Di parkiran KTV, Tang Bao bersama beberapa anak buah dan wanita berpisah naik dua mobil.
“Kak, bocah-bocah itu masih belum tahu siapa kau sebenarnya, ya?”
“Haha...” Tang Bao menyeringai, memperlihatkan gigi emasnya, lalu dari pegangan pintu mobil ia mengeluarkan kantong plastik kotor yang berisi puluhan butir pil biru.
Dengan cekatan, Tang Bao mengambil satu pil, meremukkannya di tangan, lalu menerima sebatang rokok yang sudah hampir habis dari tangan anak buahnya, memasukkan bubuk pil ke dalam rokok, dan mulai menghisap.

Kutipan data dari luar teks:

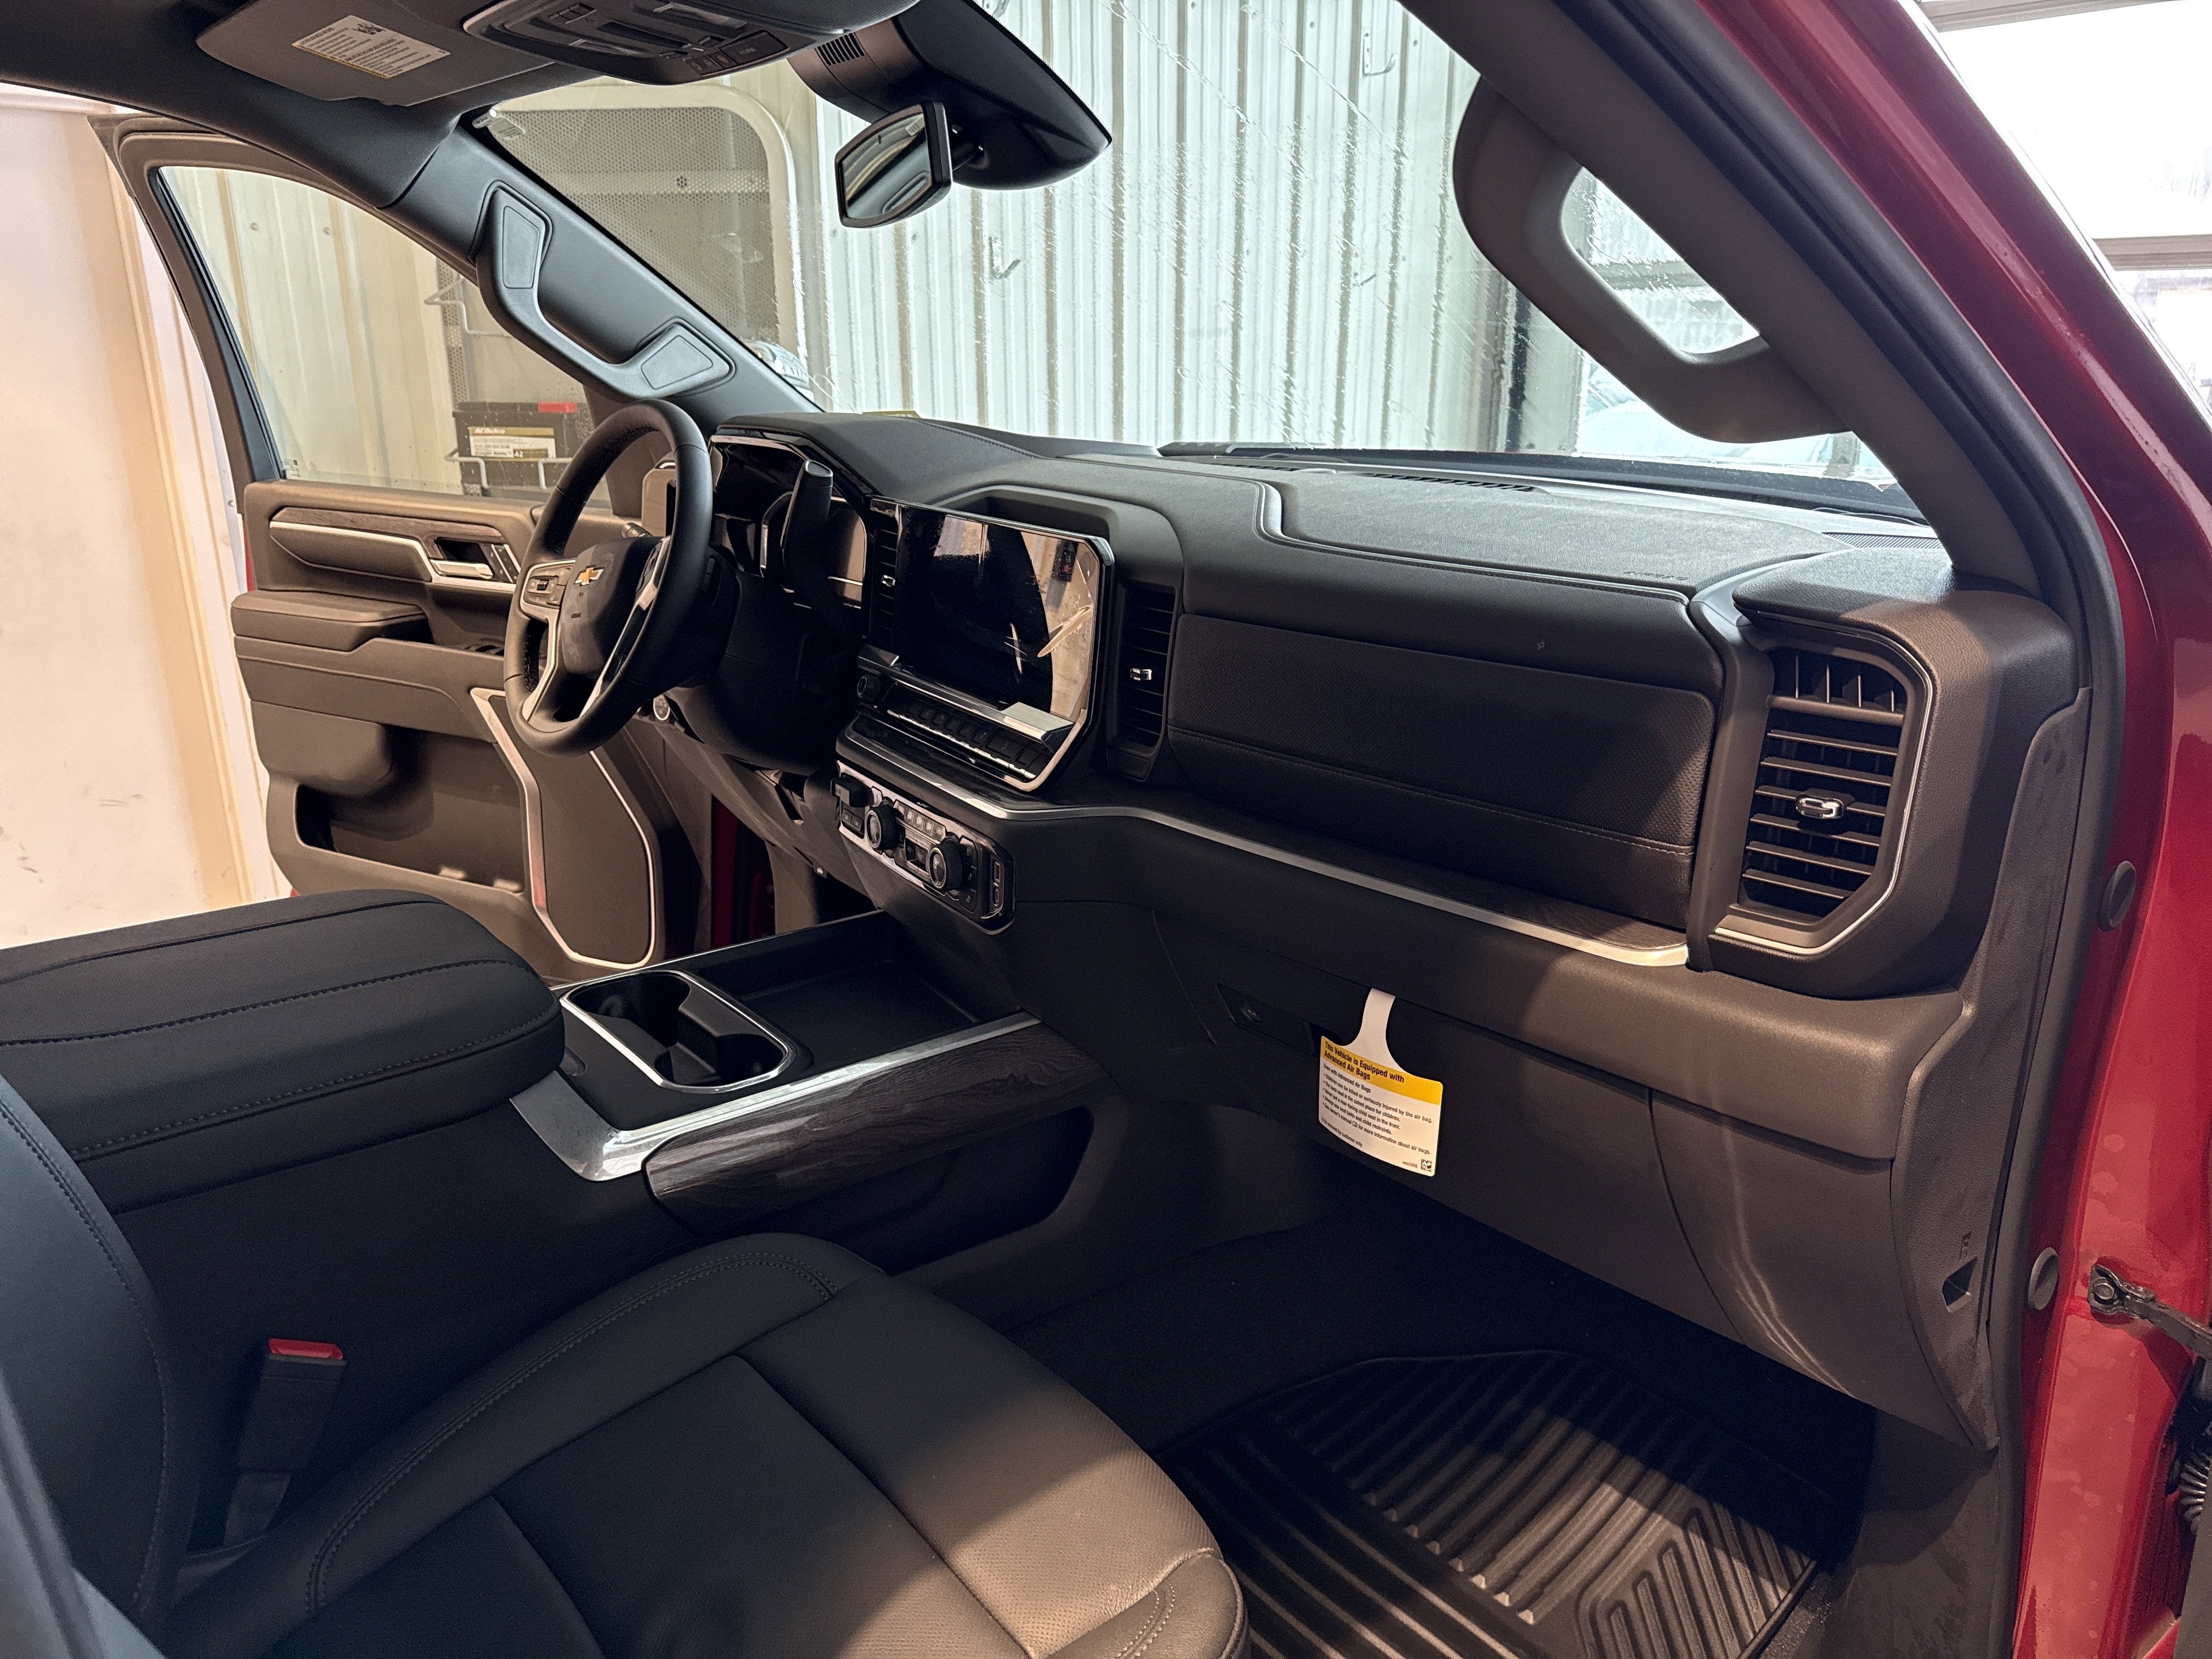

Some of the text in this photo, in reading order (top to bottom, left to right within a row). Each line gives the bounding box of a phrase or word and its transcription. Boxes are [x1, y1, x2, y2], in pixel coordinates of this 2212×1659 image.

“Kak, akhir-akhir ini kau memang rekrut dua orang yang suka kerja kotor, ya?”
Tang Bao sambil memicingkan mata dan menghisap rokok, mengelus kepala plontosnya.
“Ada. Kudengar mereka mantan gerilyawan, pernah bentrok dengan orang Aliansi Merdeka beberapa kali!”
“Sekarang di mana mereka?”
“Sepertinya kakak bilang mereka menginap di hotel, beberapa hari lagi mau dibawa ke tempat Kak Zhen...”
“Tahu hotelnya?”
“Tahu!”
“Ke sana!”
Dua mobil itu pun segera melaju pergi.
Saat mobil meninggalkan parkiran KTV, tatapan Tang Bao yang penuh kebencian mengarah ke dalam lobi KTV, di antara gerombolan berseragam militer, sosok Ma Gang yang kekar sangat mencolok.
Setengah jam kemudian, di sebuah hotel kecil di Kota Fengming, puluhan puntung rokok dan botol minuman berserakan di lantai.
Tang Bao duduk di kursi, menatap dua pria pendiam yang juga menatapnya dengan curiga.
Tang Bao yang agak gelisah menarik-narik lehernya, lalu melemparkan tas tangannya ke atas meja.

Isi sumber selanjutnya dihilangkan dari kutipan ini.